What Do Critics and Curators Say About Jenny Saville?
“I wanted to make flesh that was monumental, that couldn’t be ignored.”
— Jenny Saville, interview with The Guardian (2018)
“Saville’s paintings are about the friction between paint and skin, between surface and depth.”
— Dr. Alison Quilter, curator of The Anatomy of Painting, National Portrait Gallery (2025)
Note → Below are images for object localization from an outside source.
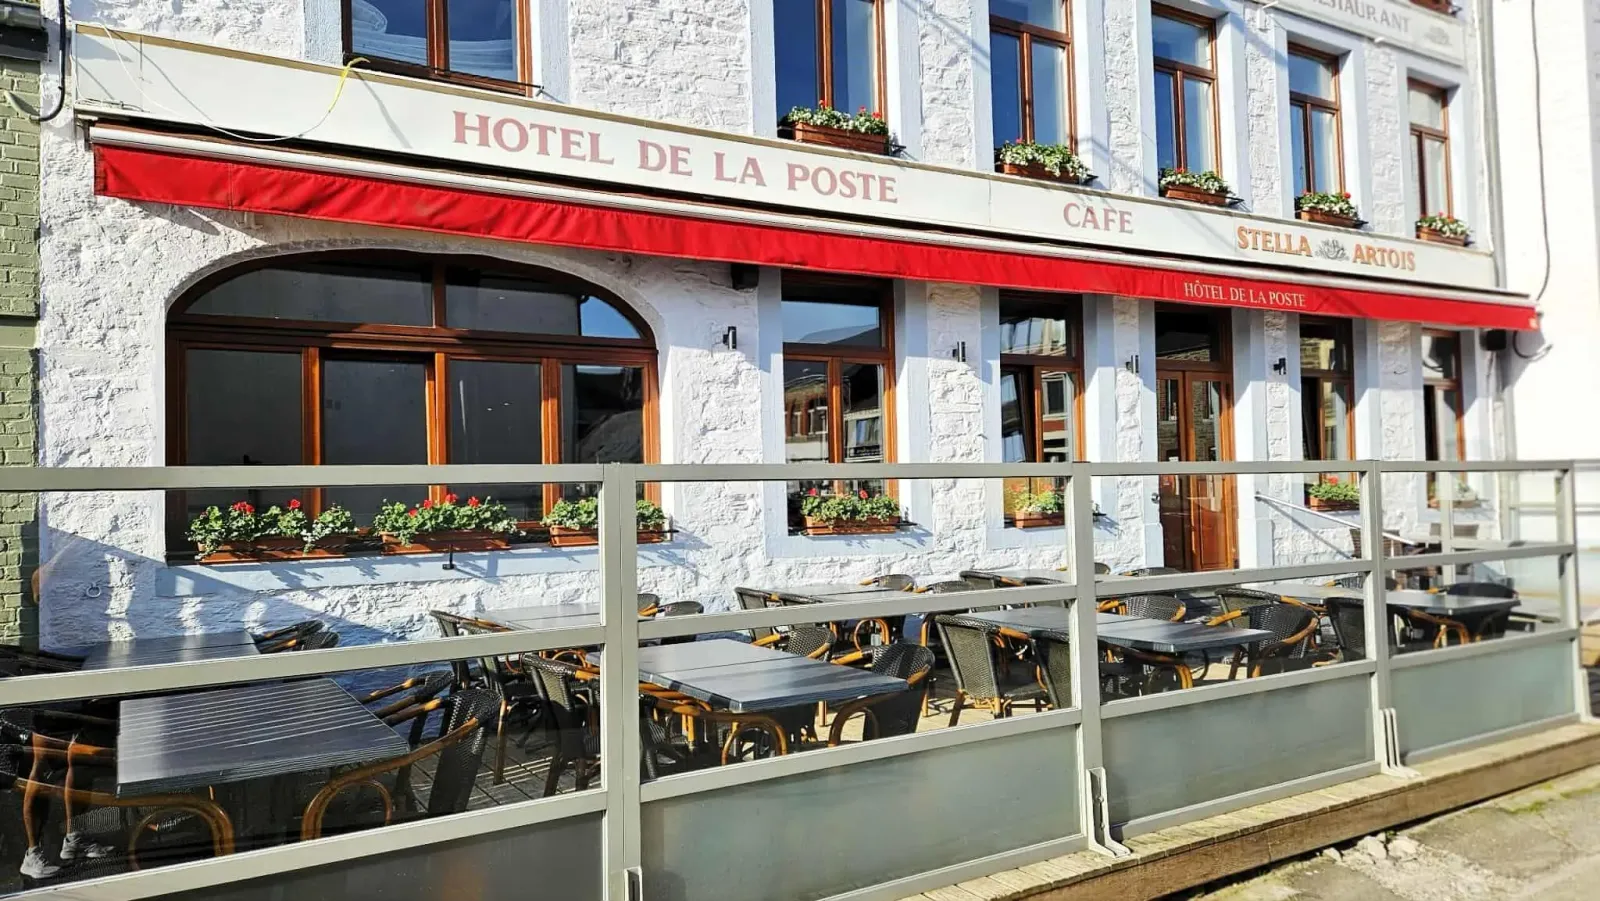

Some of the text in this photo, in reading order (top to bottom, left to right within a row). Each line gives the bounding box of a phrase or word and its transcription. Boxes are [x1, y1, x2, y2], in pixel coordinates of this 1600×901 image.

[1312, 0, 1410, 32] STAURANT
[453, 110, 899, 204] HOTEL DE LA POSTE
[1063, 202, 1134, 234] CAFE
[1236, 225, 1416, 272] STELLA ARTOIS
[1184, 280, 1306, 307] HÔTEL DE LA POSTE
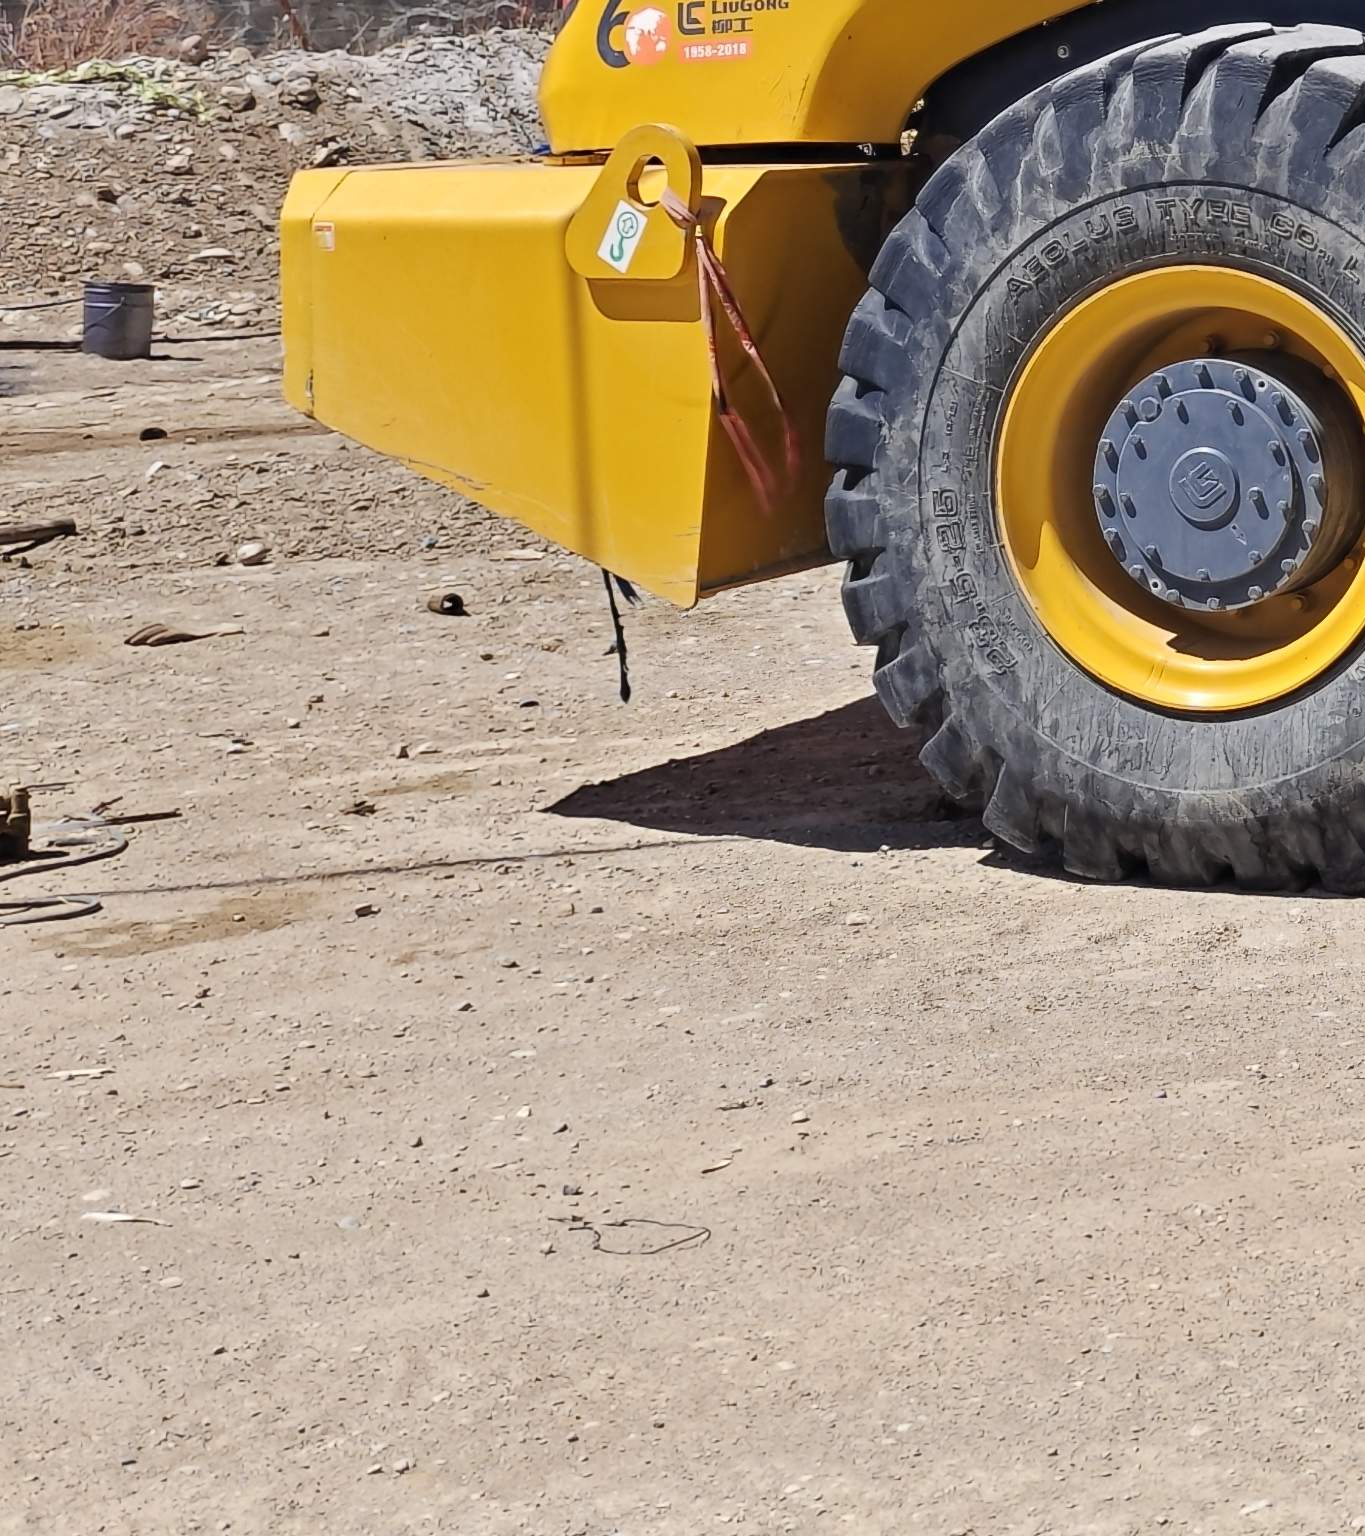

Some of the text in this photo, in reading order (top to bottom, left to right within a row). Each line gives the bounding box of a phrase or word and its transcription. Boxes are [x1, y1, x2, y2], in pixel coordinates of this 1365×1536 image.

[712, 17, 754, 35] 柳工
[683, 42, 747, 59] 1958-2018
[1005, 205, 1138, 302] AEOLUS
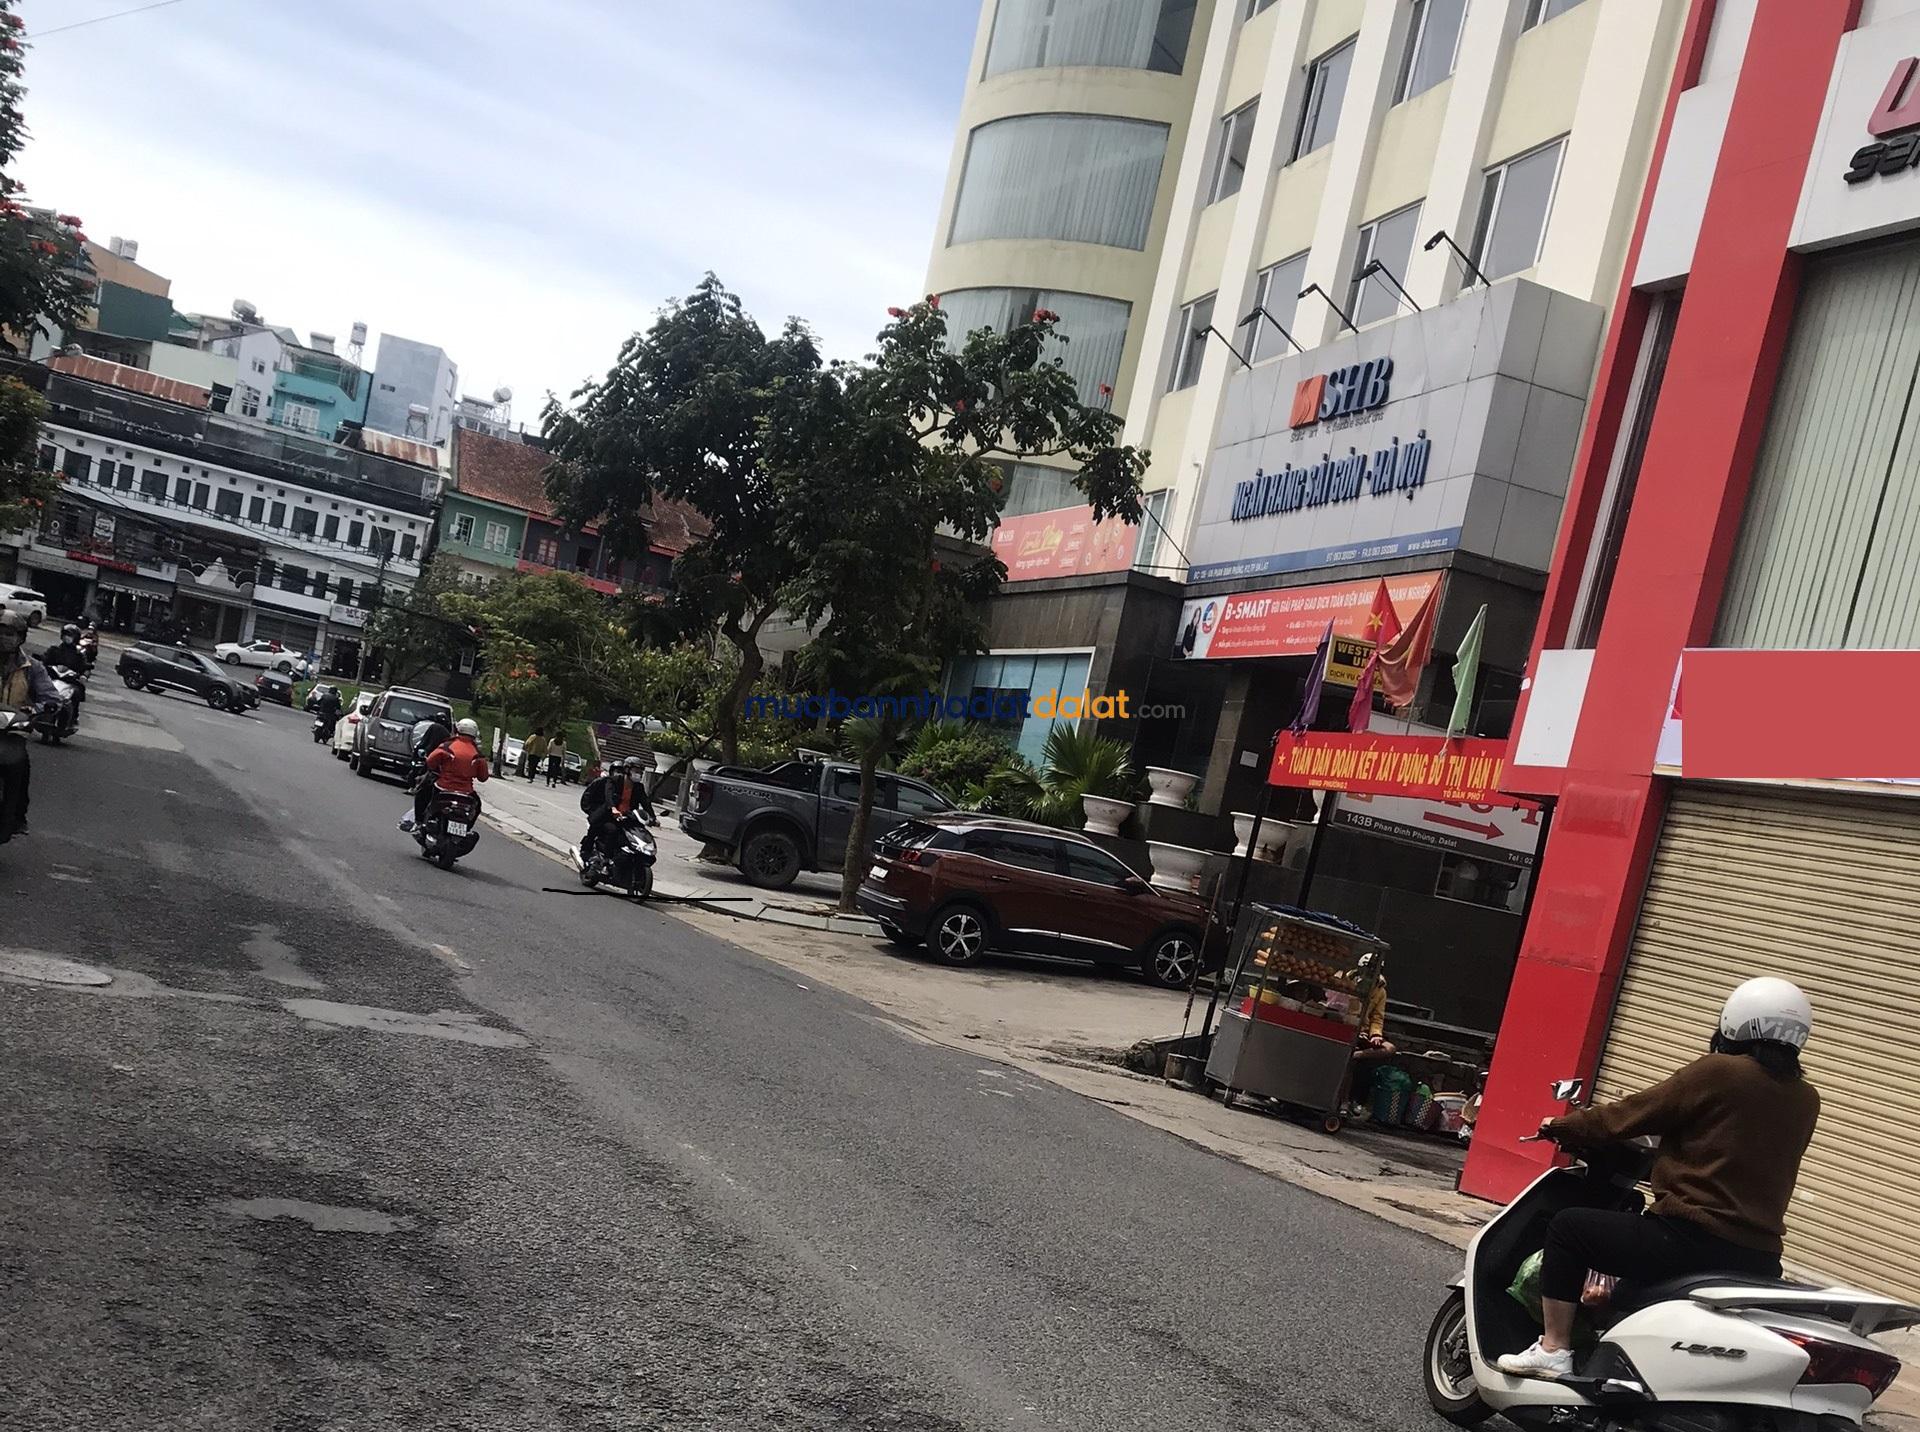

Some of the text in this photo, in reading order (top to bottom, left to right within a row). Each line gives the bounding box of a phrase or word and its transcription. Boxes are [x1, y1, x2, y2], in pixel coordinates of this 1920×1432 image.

[1319, 356, 1394, 422] SHB
[1231, 467, 1272, 522] NGÂN
[1266, 462, 1308, 516] HÀNG
[1303, 452, 1336, 508] SÀI
[1329, 446, 1368, 504] GÒN
[1370, 435, 1399, 497] HÀ
[1394, 428, 1432, 502] NỘI
[1225, 598, 1272, 620] B-SMART
[1289, 740, 1314, 775] TOÀN
[1311, 742, 1333, 777] DÂN
[1330, 743, 1359, 779] ĐOÀN
[1355, 740, 1379, 780] KẾT
[1375, 745, 1400, 782] XÂY
[1445, 755, 1467, 791] THỊ
[1466, 750, 1493, 789] VĂN
[1346, 813, 1373, 828] 143B
[1373, 821, 1393, 832] Phan
[1508, 853, 1519, 862] Tel
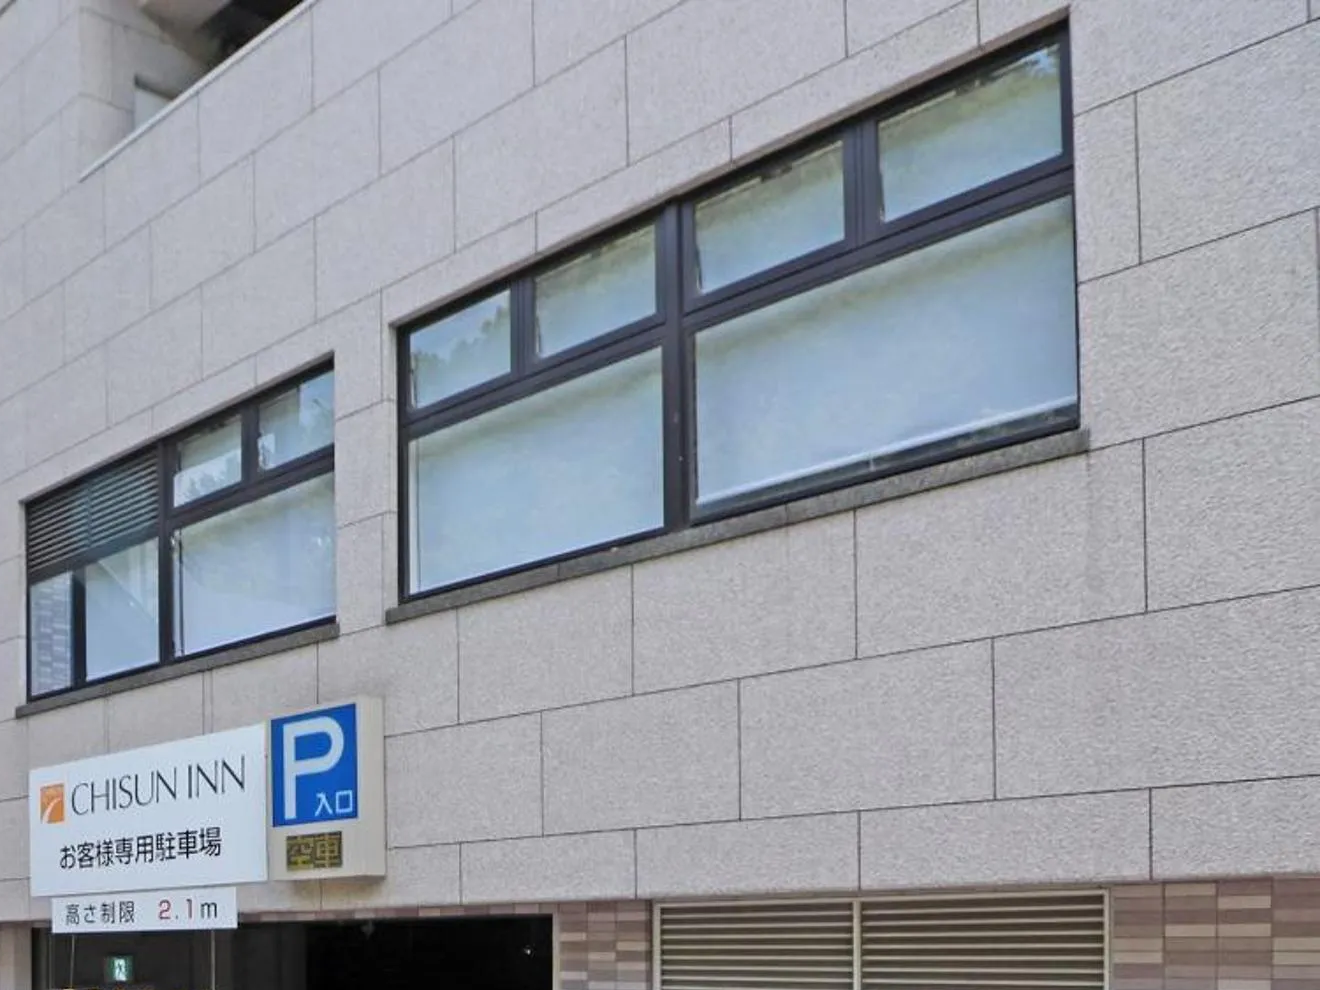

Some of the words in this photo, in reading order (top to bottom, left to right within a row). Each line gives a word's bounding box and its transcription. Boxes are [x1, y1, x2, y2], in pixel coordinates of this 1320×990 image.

What’s Next for Jenny Saville?
The Anatomy of Painting exhibition runs through September 2025 at the National Portrait Gallery. A companion monograph is expected to accompany the show. Saville continues to produce new work and exhibited at Gagosian in 2023. She remains a vital force in contemporary painting, and the 2025 retrospective is likely to cement her legacy as one of the most important figurative artists of her generation. For more on the movement she helped define, see our guide to the Young British Artists.
Frequently Asked Questions
What is Jenny Saville’s most valuable painting?
Propped (1992) sold for £9.5 million in 2018.
Is Jenny Saville still painting?
Yes, she continues to produce new work and exhibited at Gagosian in 2023.
Who is Jenny Saville’s husband?
She is married to Finnbogi Petursson, a photographer and artist.
What is Jenny Saville’s artist statement in simple terms?
Her statement centers on exploring the physicality of the female body through paint, rejecting idealized beauty.
Where was Jenny Saville born?
She was born in Cambridge, England, on 7 May 1970.
What is the Anatomy of Painting exhibition?
It is her first major UK museum retrospective, opening at the National Portrait Gallery in 2025.
How did Jenny Saville become a Young British Artist?
She was included in Charles Saatchi’s Young British Artists exhibition in 1994 and later in the landmark Sensation show in 1997.
What techniques does Jenny Saville use?
She uses extreme foreshortening, wide brushstrokes, and a palette that emphasizes the physicality of flesh. She also studies anatomy through medical sources.
Does Jenny Saville have an official website?
She does not maintain a personal website, but her work is featured on the Gagosian Gallery and National Portrait Gallery sites.
What is the meaning of Jenny Saville’s self-portraits?
Her self-portraits explore identity, perception, and the artist’s relationship to her subject, often using mirrors to distort perspective.